WHAT YOU SHOULD DO – Each record below is to be copied word for word, with pictures removed.

DATA TO USE –

>>>>

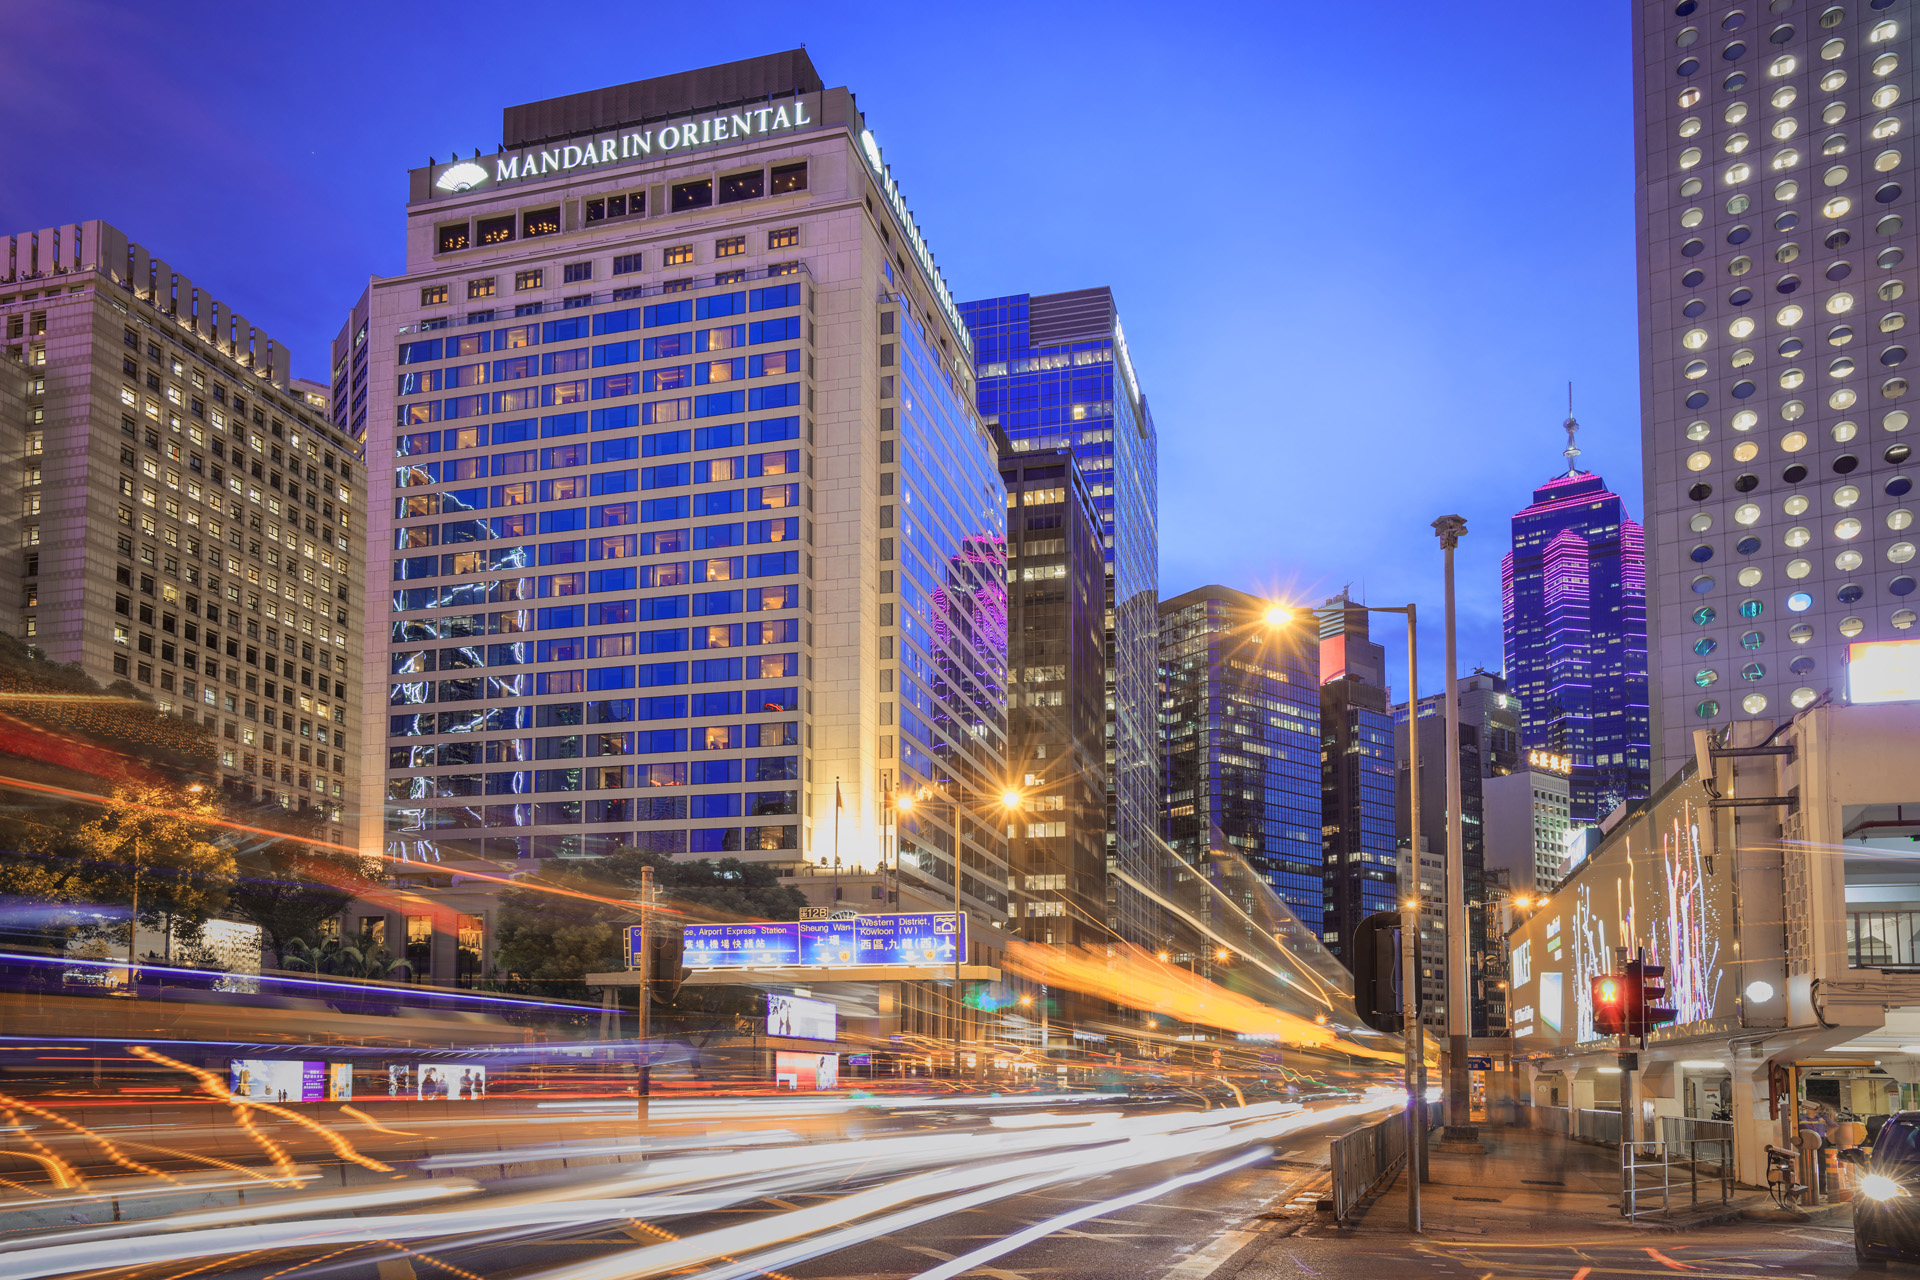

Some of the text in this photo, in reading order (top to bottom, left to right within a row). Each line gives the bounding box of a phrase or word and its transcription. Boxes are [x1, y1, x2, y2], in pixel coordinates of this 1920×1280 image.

[495, 101, 811, 182] MANDARIN ORIENTAL
[883, 168, 971, 355] MANDARIN ORIENTAL
[860, 919, 894, 927] Western
[699, 927, 722, 936] Airport
[726, 927, 756, 936] Express
[761, 926, 787, 934] Station
[800, 924, 829, 933] Sheung
[860, 927, 894, 936] Kowloon
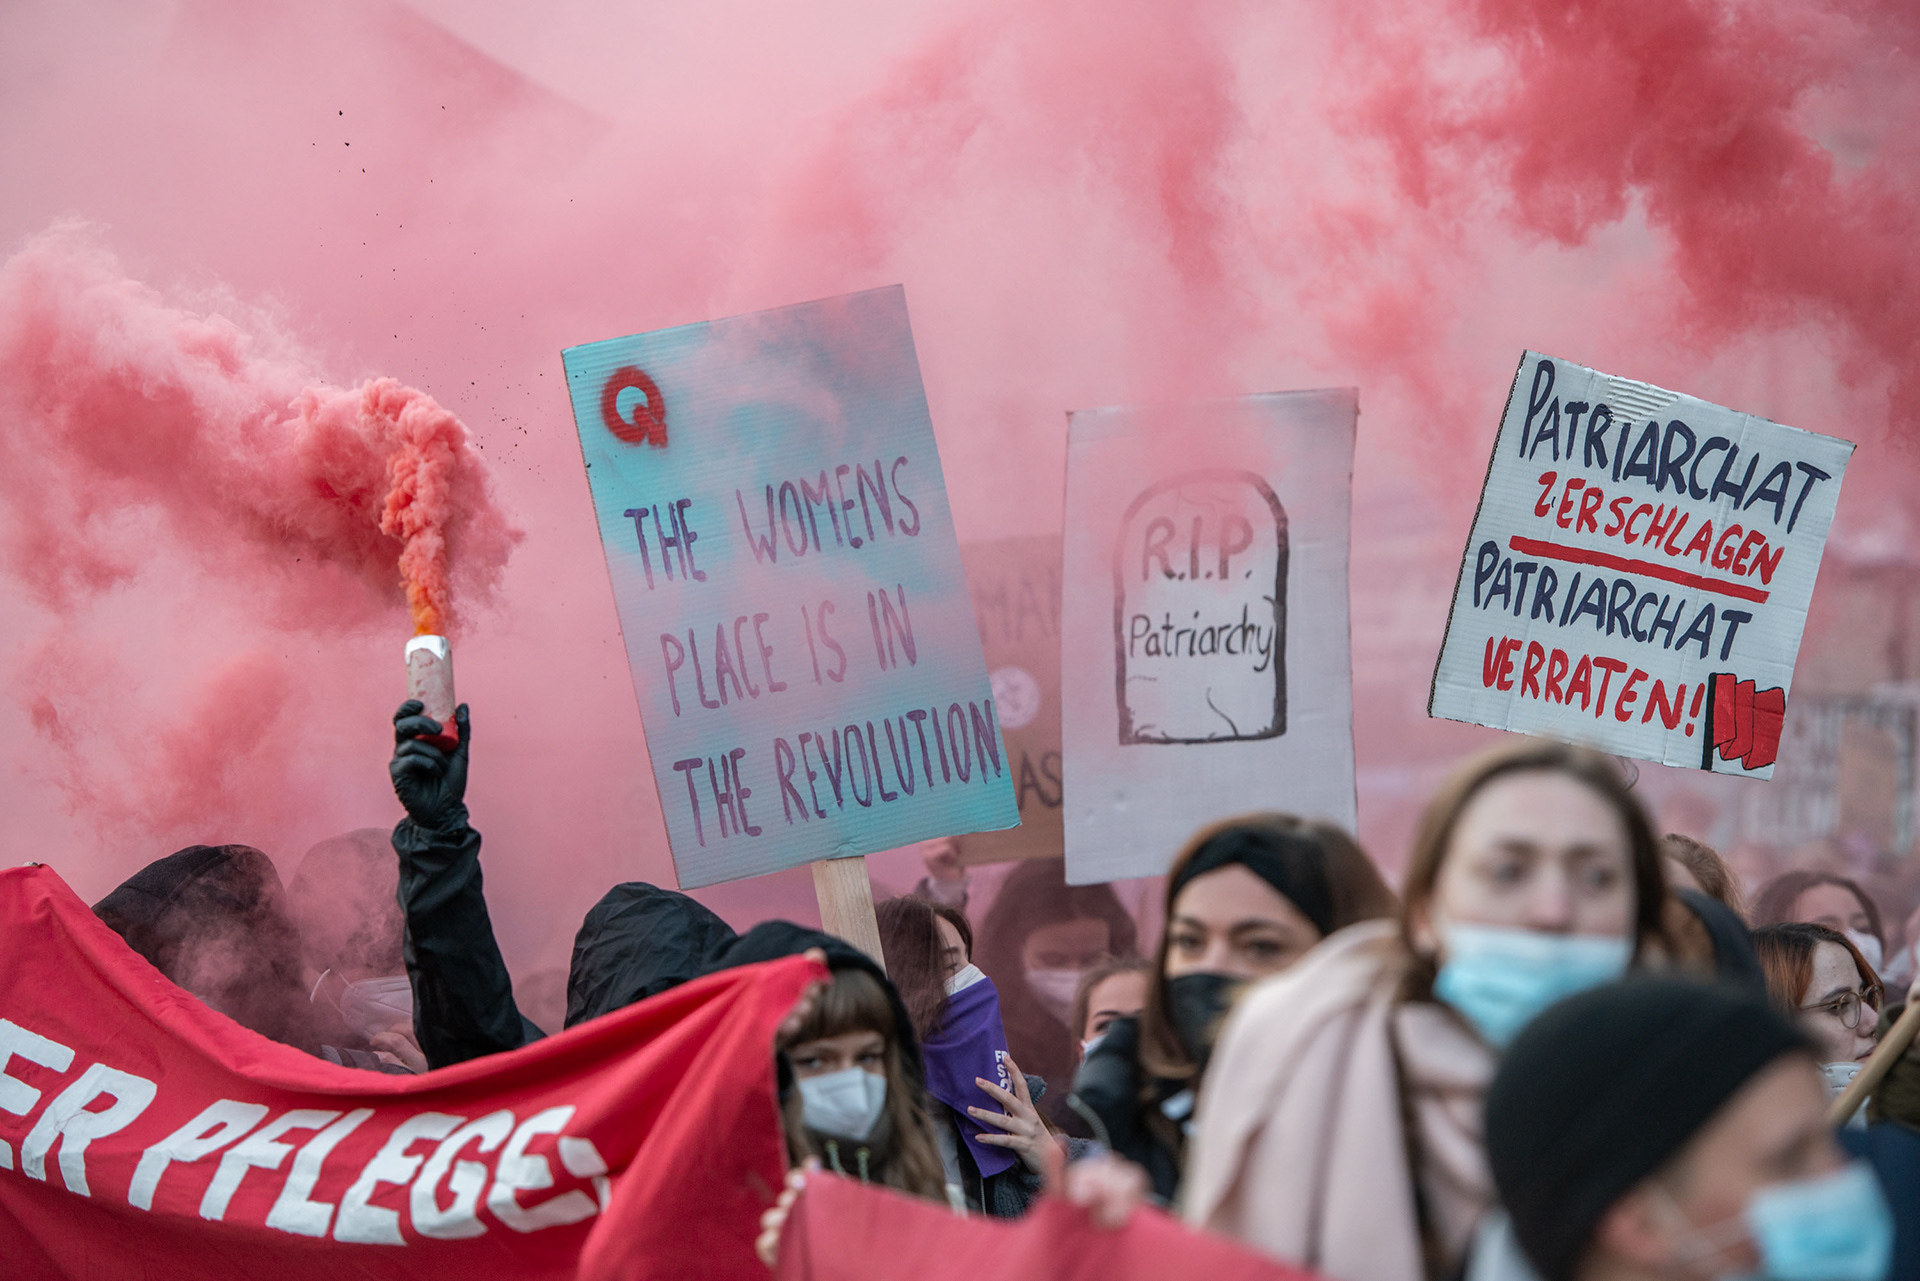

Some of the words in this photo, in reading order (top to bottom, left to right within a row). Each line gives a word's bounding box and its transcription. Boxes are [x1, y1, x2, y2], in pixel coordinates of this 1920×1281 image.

[1519, 360, 1832, 534] PATRIARCHAT
[623, 498, 708, 591] THE
[736, 456, 921, 565] WOMENS
[1142, 514, 1254, 581] R.I.P.
[660, 612, 788, 718] PLACE
[801, 600, 848, 685] IS
[867, 583, 918, 671] IN
[1130, 602, 1273, 673] Patriarchy
[1474, 540, 1753, 662] PATRIARCHAT
[1482, 635, 1706, 738] VERRATEN!
[673, 747, 763, 847] THE
[773, 699, 1002, 825] REVOLUTION

<<<<

OUTPUT FOR THIS TASK –
Some of the text in this photo, in reading order (top to bottom, left to right within a row). Each line gives the bounding box of a phrase or word and its transcription. Boxes are [x1, y1, x2, y2], in pixel coordinates of this 1920×1280 image.

[495, 101, 811, 182] MANDARIN ORIENTAL
[883, 168, 971, 355] MANDARIN ORIENTAL
[860, 919, 894, 927] Western
[699, 927, 722, 936] Airport
[726, 927, 756, 936] Express
[761, 926, 787, 934] Station
[800, 924, 829, 933] Sheung
[860, 927, 894, 936] Kowloon

Some of the words in this photo, in reading order (top to bottom, left to right within a row). Each line gives a word's bounding box and its transcription. Boxes are [x1, y1, x2, y2], in pixel coordinates of this 1920×1281 image.

[1519, 360, 1832, 534] PATRIARCHAT
[623, 498, 708, 591] THE
[736, 456, 921, 565] WOMENS
[1142, 514, 1254, 581] R.I.P.
[660, 612, 788, 718] PLACE
[801, 600, 848, 685] IS
[867, 583, 918, 671] IN
[1130, 602, 1273, 673] Patriarchy
[1474, 540, 1753, 662] PATRIARCHAT
[1482, 635, 1706, 738] VERRATEN!
[673, 747, 763, 847] THE
[773, 699, 1002, 825] REVOLUTION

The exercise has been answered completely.